*** ENTRIES SUPPLIED Section Begins ***

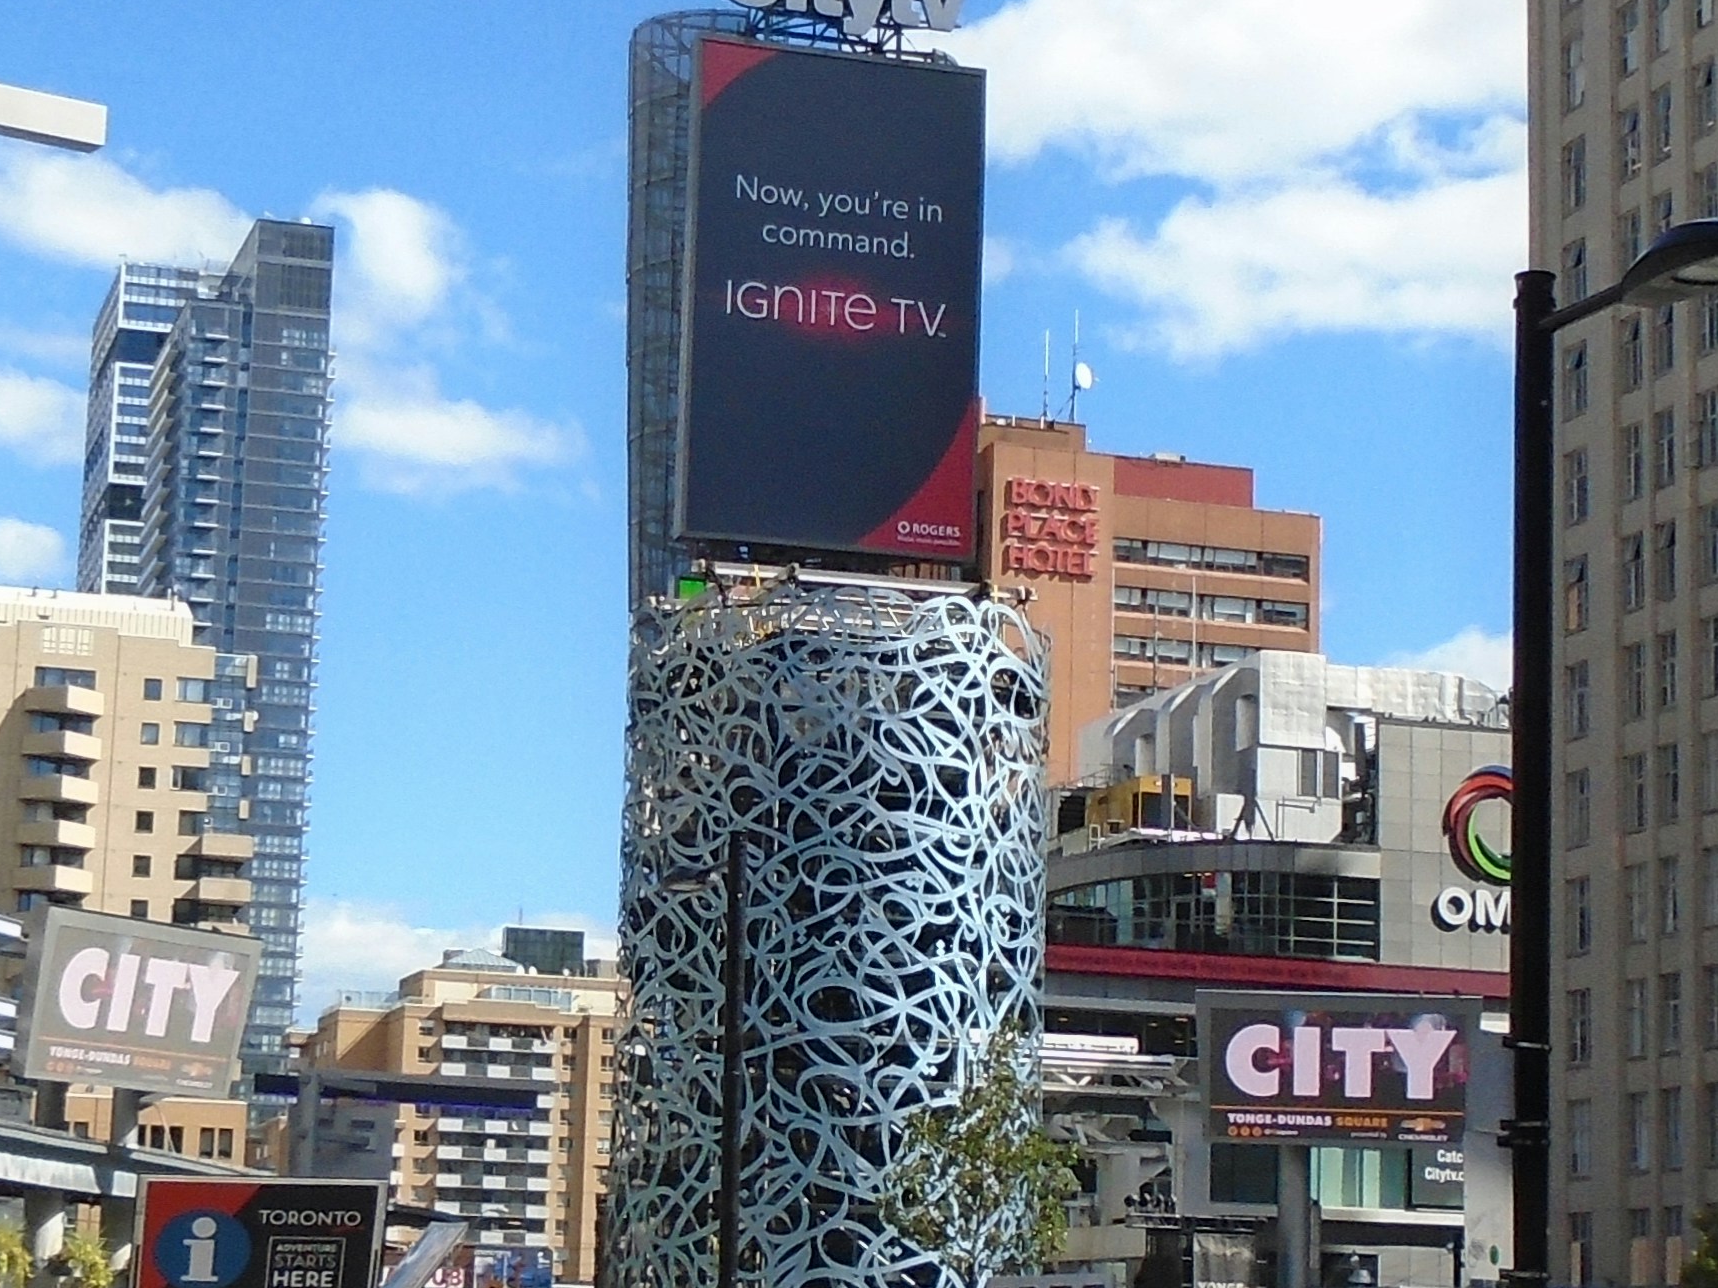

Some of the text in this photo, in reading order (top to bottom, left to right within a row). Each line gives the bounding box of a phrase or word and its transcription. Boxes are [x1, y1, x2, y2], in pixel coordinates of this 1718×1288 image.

[735, 174, 943, 223] Now, you're in
[762, 224, 915, 259] command.
[890, 297, 947, 338] TV
[1010, 477, 1100, 511] BOND
[912, 522, 961, 538] ROGERS
[1007, 511, 1100, 545] PLACE
[1009, 544, 1099, 577] HOTEL
[59, 947, 241, 1043] CITY
[1225, 1023, 1458, 1100] CITY
[1227, 1112, 1389, 1128] YONGE-DUNDAS SQUARE
[259, 1209, 362, 1227] TORONTO
[274, 1253, 336, 1270] STARTS
[276, 1243, 338, 1253] ADVENTURE
[272, 1270, 334, 1288] HERE
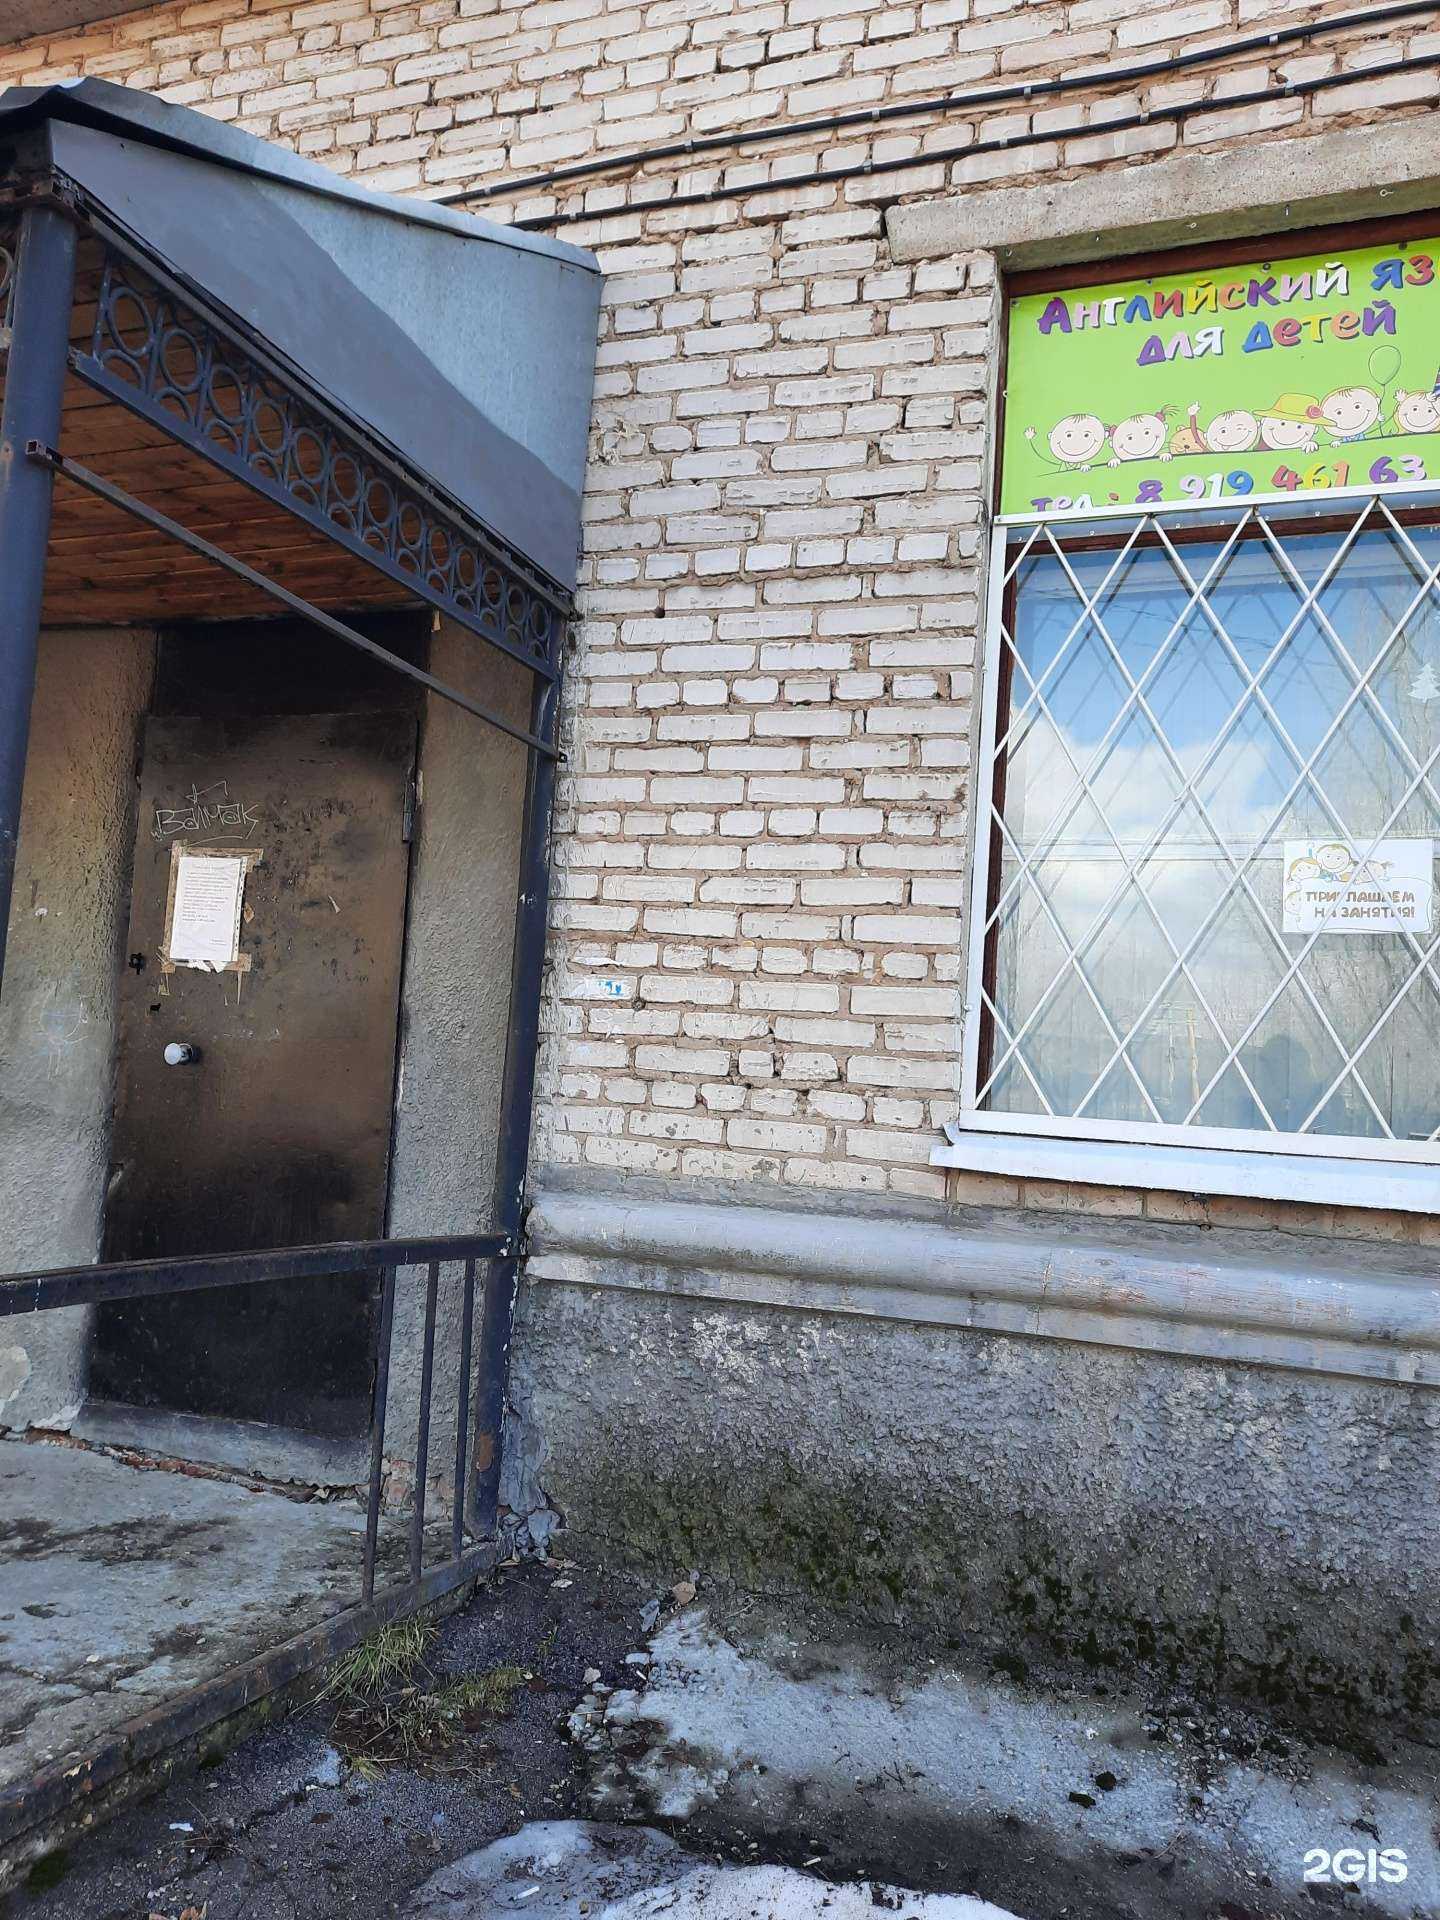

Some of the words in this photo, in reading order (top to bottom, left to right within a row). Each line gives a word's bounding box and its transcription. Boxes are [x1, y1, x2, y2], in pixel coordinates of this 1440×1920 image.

[1037, 262, 1349, 334] Английский
[1370, 255, 1440, 291] яз
[1136, 326, 1224, 366] для
[1242, 300, 1396, 353] детей
[1135, 480, 1163, 503] 8
[1180, 470, 1254, 499] 919
[1271, 460, 1349, 491] 461
[1369, 454, 1427, 484] 63
[1305, 890, 1415, 903] ПРИЛАШЕМ
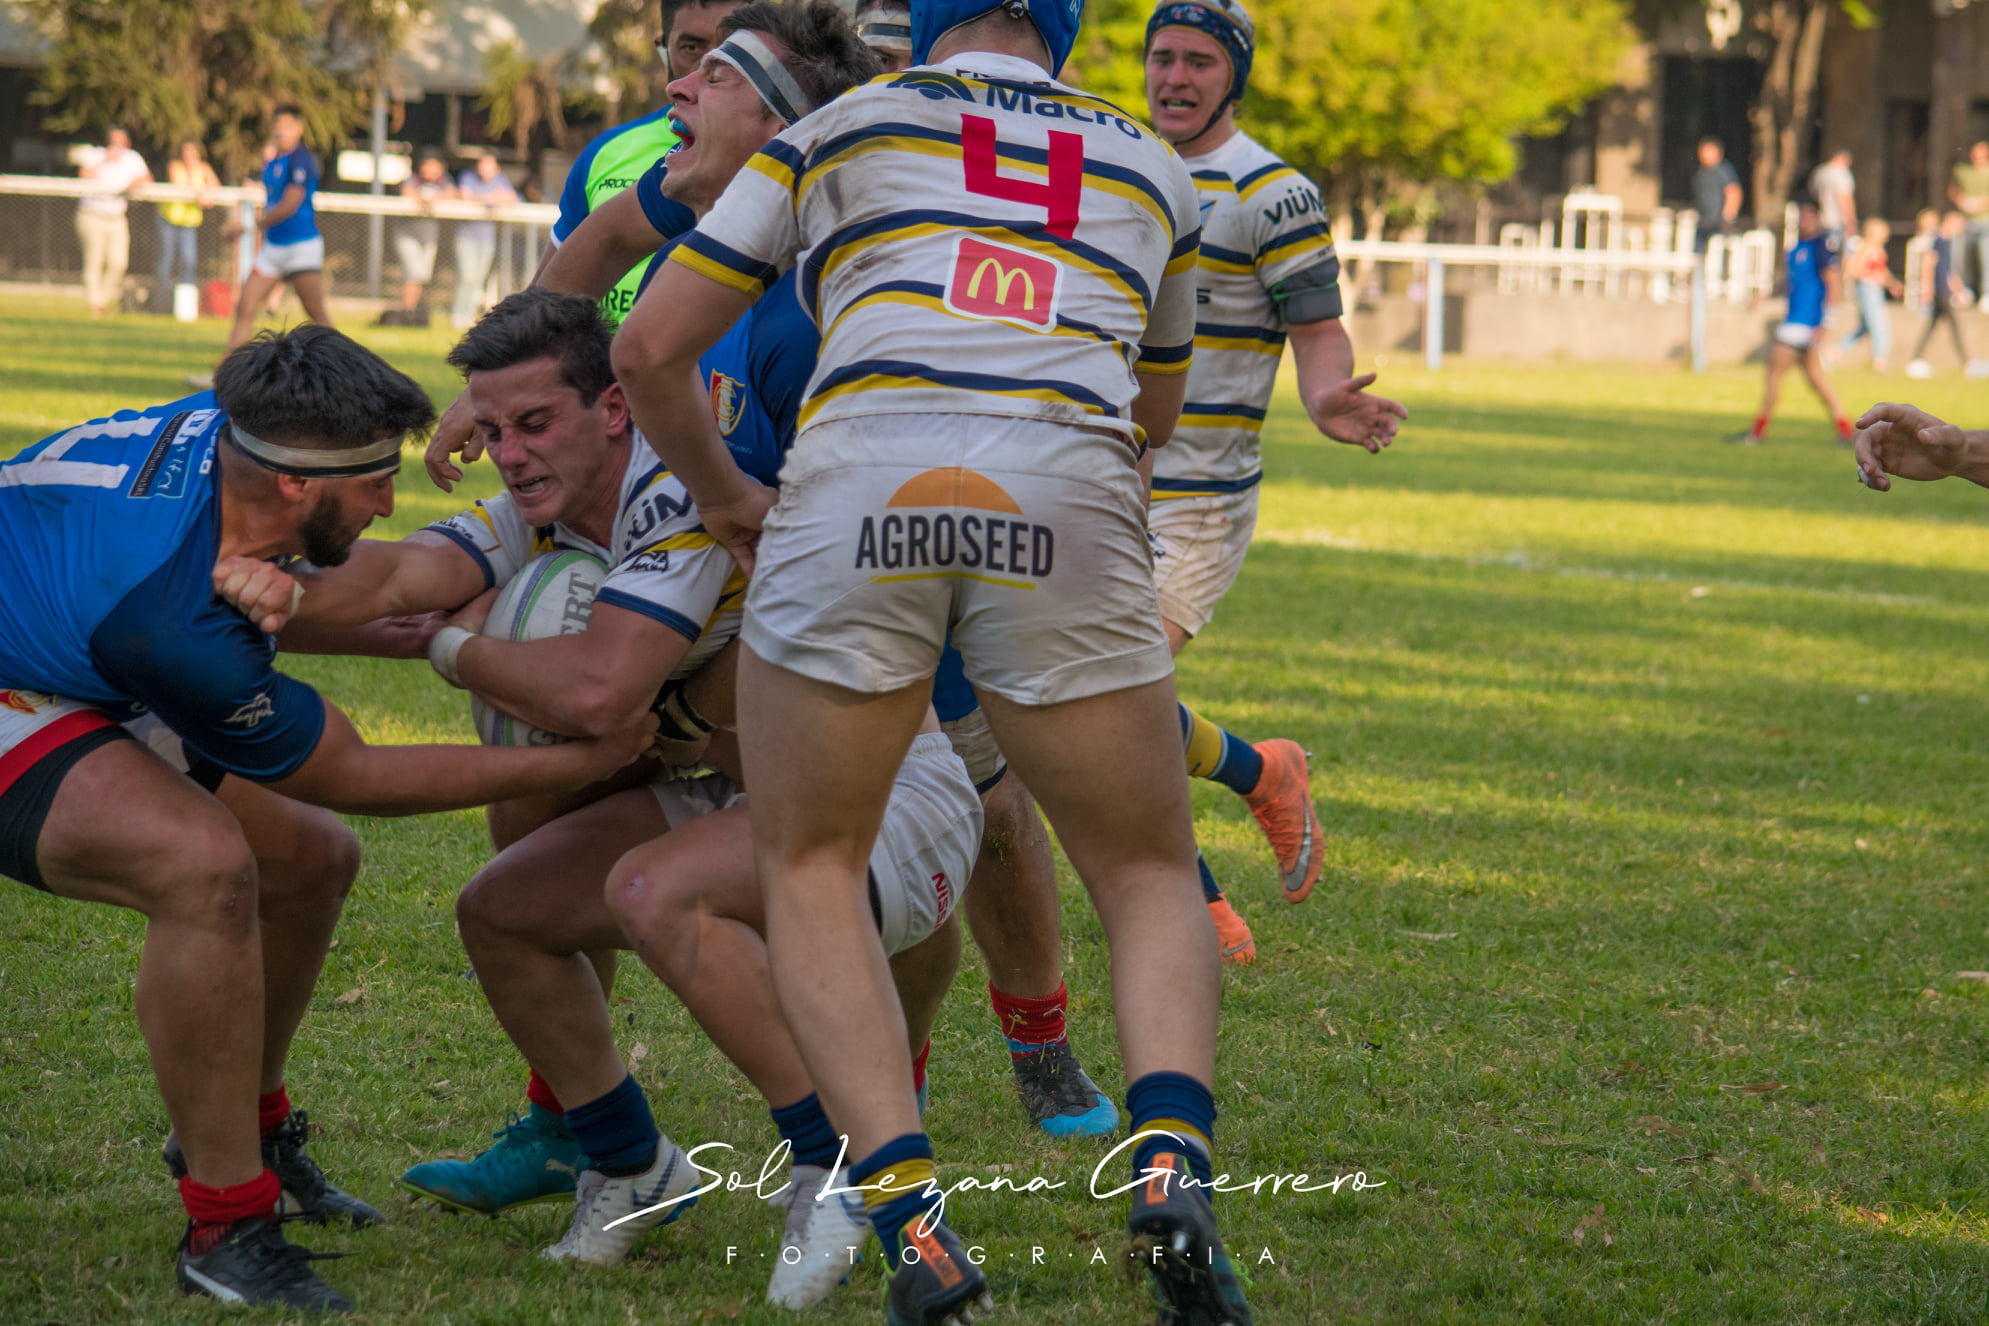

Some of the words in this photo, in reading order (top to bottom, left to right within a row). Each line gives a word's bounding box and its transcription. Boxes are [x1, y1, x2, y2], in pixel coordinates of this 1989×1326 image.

[984, 84, 1142, 140] Macro
[960, 113, 1083, 241] 4
[855, 514, 1054, 577] AGROSEED

*** ENTRIES SUPPLIED Section Ends ***

■ EXERCISE: Write out the material above exactly. Skip the pictures.

■ ANSWER BOX:
Some of the text in this photo, in reading order (top to bottom, left to right within a row). Each line gives the bounding box of a phrase or word and its transcription. Boxes are [x1, y1, x2, y2], in pixel coordinates of this 1718×1288 image.

[735, 174, 943, 223] Now, you're in
[762, 224, 915, 259] command.
[890, 297, 947, 338] TV
[1010, 477, 1100, 511] BOND
[912, 522, 961, 538] ROGERS
[1007, 511, 1100, 545] PLACE
[1009, 544, 1099, 577] HOTEL
[59, 947, 241, 1043] CITY
[1225, 1023, 1458, 1100] CITY
[1227, 1112, 1389, 1128] YONGE-DUNDAS SQUARE
[259, 1209, 362, 1227] TORONTO
[274, 1253, 336, 1270] STARTS
[276, 1243, 338, 1253] ADVENTURE
[272, 1270, 334, 1288] HERE

Some of the words in this photo, in reading order (top to bottom, left to right within a row). Each line gives a word's bounding box and its transcription. Boxes are [x1, y1, x2, y2], in pixel coordinates of this 1440×1920 image.

[1037, 262, 1349, 334] Английский
[1370, 255, 1440, 291] яз
[1136, 326, 1224, 366] для
[1242, 300, 1396, 353] детей
[1135, 480, 1163, 503] 8
[1180, 470, 1254, 499] 919
[1271, 460, 1349, 491] 461
[1369, 454, 1427, 484] 63
[1305, 890, 1415, 903] ПРИЛАШЕМ

Some of the words in this photo, in reading order (top to bottom, left to right within a row). Each line gives a word's bounding box and its transcription. Boxes are [x1, y1, x2, y2], in pixel coordinates of this 1989×1326 image.

[984, 84, 1142, 140] Macro
[960, 113, 1083, 241] 4
[855, 514, 1054, 577] AGROSEED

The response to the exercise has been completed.